Over time, it’s important to check in on your investments and monitor their performance. This is all part of preparing for your financial future. If you neglect an investment for any length of time, you might find that it hasn’t performed the way you’d planned and it could set you behind.
Here’s how to check on your 401(k) — and why you might want to do so sooner rather than later.
Locating Old 401(k)s
Throughout your career, you may have participated in multiple 401(k)s through your various employers. If it’s been a while since you’ve checked in on one or more old 401(k)s, you need to contact your former employer(s) to get information regarding your investment. After all, it’s your money!
Once you locate a 401(k) from a past employer, you will likely have four options and may engage in a combination of these options
- Leave the money in your former employer’s plan, if permitted
- Roll over the assets to your new employer’s plan, if one is available and rollovers are permitted
- Roll over to an IRA
- Cash out the account value
Your financial advisor can help you to understand the advantages and disadvantages of each option.
It may not take more than a few quick calls to HR and various investment companies to locate your old accounts. But there’s the possibility that the investment company that your employer used has since been purchased or had another change of identity and requires a bit of a deeper dive to find your important info. In this case, you may be able to contact former colleagues to learn where to look or you can consult a national registry to locate your specific 401(k). Your financial advisor may have some advice in navigating this search. Additionally, your financial advisor can help you consolidate old plans so to facilitate managing them in the future.
Balancing Your 401(k)
Your 401(k) is likely comprised of mutual funds. Your 401(k) statement should have a breakdown of your investments and the returns from each.

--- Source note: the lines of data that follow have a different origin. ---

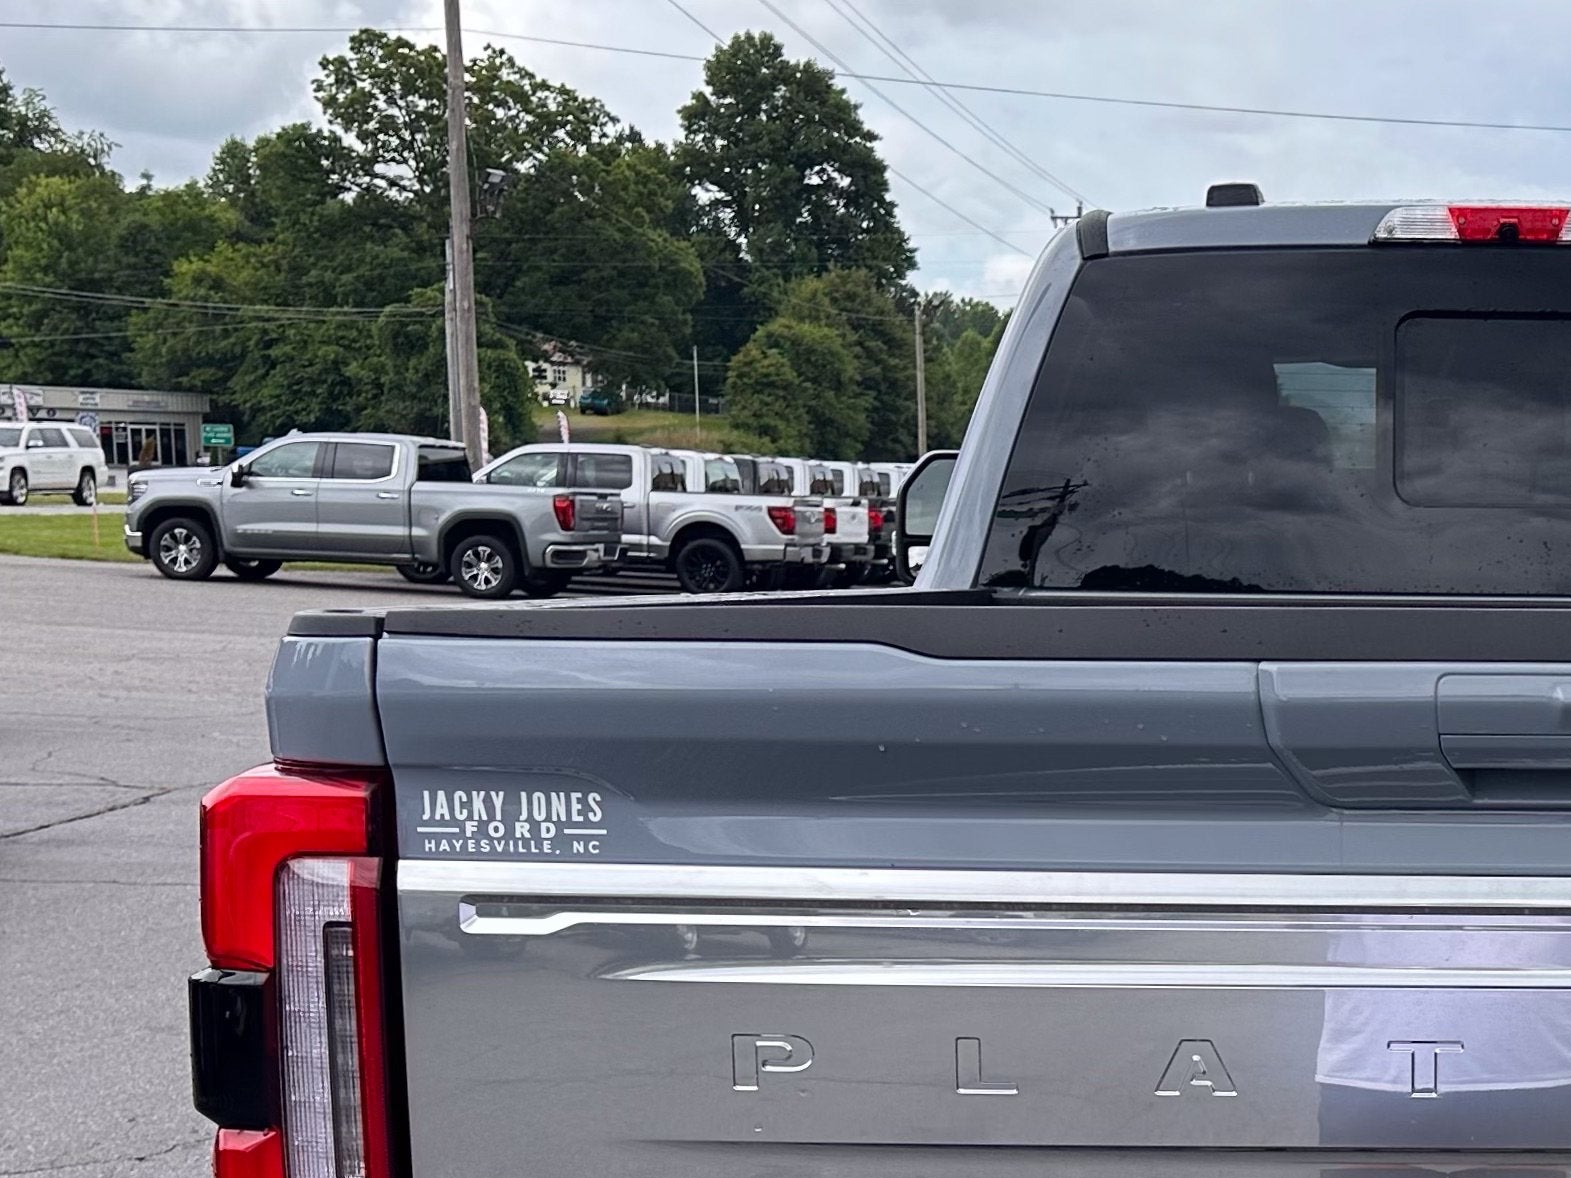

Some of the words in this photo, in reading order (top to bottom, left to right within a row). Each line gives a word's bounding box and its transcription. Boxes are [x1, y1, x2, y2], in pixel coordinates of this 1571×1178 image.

[422, 790, 504, 822] JACKY
[519, 791, 603, 823] JONES
[465, 821, 557, 839] FORD
[424, 839, 561, 855] HAYESVILLE,
[572, 841, 601, 854] NC

Over the life of your 401(k), you may determine that one or more investment types aren’t the best option for reaching your financial goals. If this happens, you’ll want to rebalance your 401(k) investments to reflect a blend that more accurately captures your risk acceptance and investment objective. Making rebalancing decisions can have a substantial impact on long-term performance both positively and negatively. It is very important to seek professional advice before making these types of financial decisions.
In addition to balancing the investment portion of your 401(k), it is also wise to examine the tax choices offered in your employer sponsored plan. Many 401(k) plans today will offer employees the option of choosing between Traditional or Roth contributions. Your selection between these two options will determine the current taxation of your contributions and the taxation of the income you draw from the plan in retirement. The difference to your retirement income stream can be huge, so don’t take this decision lightly and get professional help.
Why Check on Your 401(k)?
It is easy to get caught up in life and lose track of what’s happening with your 401(k). For many of us, our 401(k) will likely be the largest asset available to create retirement income, yet despite the importance, it can be out of sight and out of mind. If you aren’t managing and maintaining this asset with care, then you might be missing opportunities or falling behind your goals.
Sitting back and letting your 401(k) — or any investment for that matter — take on a life of its own isn’t a solid investment strategy. Staying engaged with a financial advisor is one way to avoid falling into the trap of complacency.